On the contrary, you should always prefer stack allocations, to the extent that as a rule of thumb, you should never have new/delete in your user code.
As you say, when the variable is declared on the stack, its destructor is automatically called when it goes out of scope, which is your main tool for tracking resource lifetime and avoiding leaks.
So in general, every time you need to allocate a resource, whether it's memory (by calling new), file handles, sockets or anything else, wrap it in a class where the constructor acquires the resource, and the destructor releases it. Then you can create an object of that type on the stack, and you're guaranteed that your resource gets freed when it goes out of scope. That way you don't have to track your new/delete pairs everywhere to ensure you avoid memory leaks.

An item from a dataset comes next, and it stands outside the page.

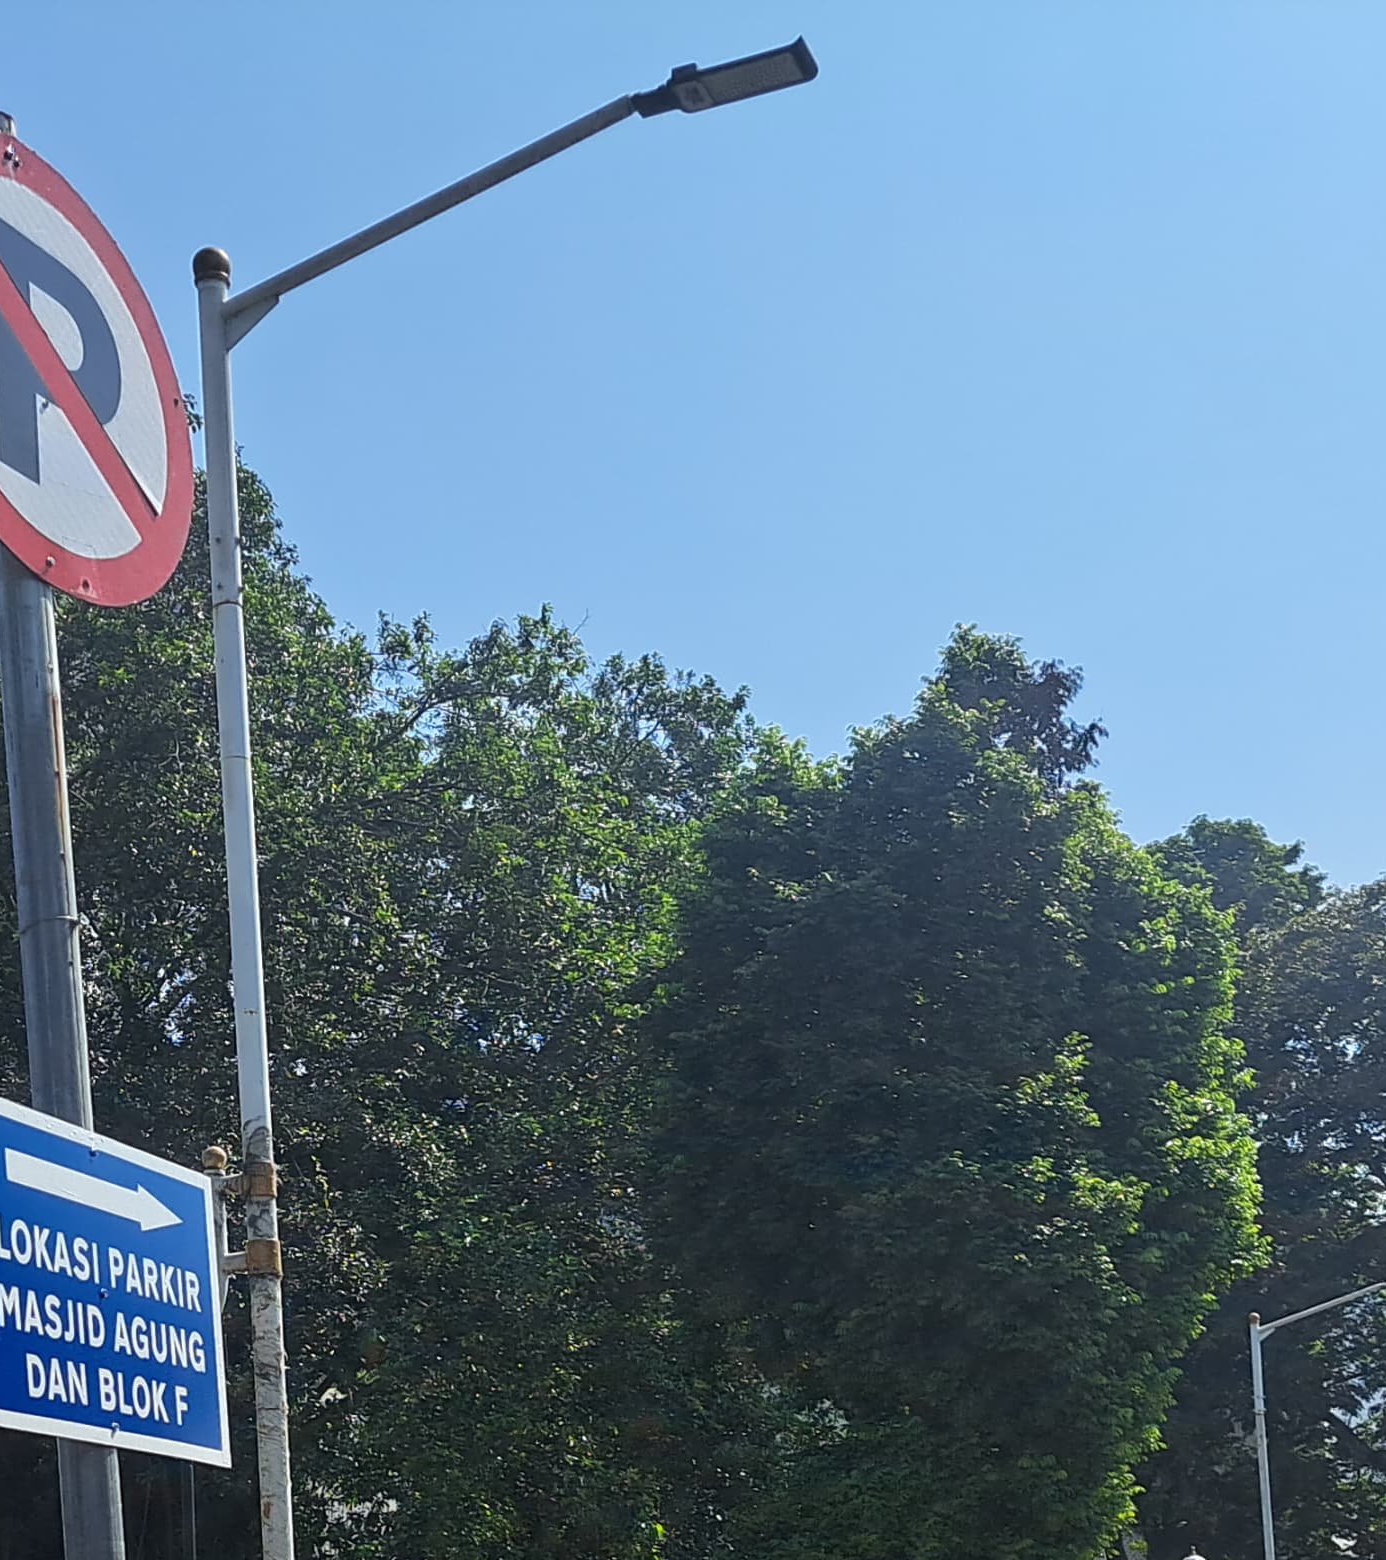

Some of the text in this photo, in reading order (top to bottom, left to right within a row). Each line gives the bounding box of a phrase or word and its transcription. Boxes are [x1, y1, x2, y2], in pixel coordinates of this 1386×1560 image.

[108, 1246, 202, 1313] PARKIR
[114, 1313, 207, 1373] AGUNG
[25, 1353, 189, 1427] DAN BLOK F

The most common name for this idiom is RAII
Also look into smart pointer classes which are used to wrap the resulting pointers on the rare cases when you do have to allocate something with new outside a dedicated RAII object. You instead pass the pointer to a smart pointer, which then tracks its lifetime, for example by reference counting, and calls the destructor when the last reference goes out of scope. The standard library has std::unique_ptr
for simple scope-based management, and std::shared_ptr
which does reference counting to implement shared ownership.
Many tutorials demonstrate object instantiation using a snippet such as ...
So what you've discovered is that most tutorials suck. ;) Most tutorials teach you lousy C++ practices, including calling new/delete to create variables when it's not necessary, and giving you a hard time tracking lifetime of your allocations.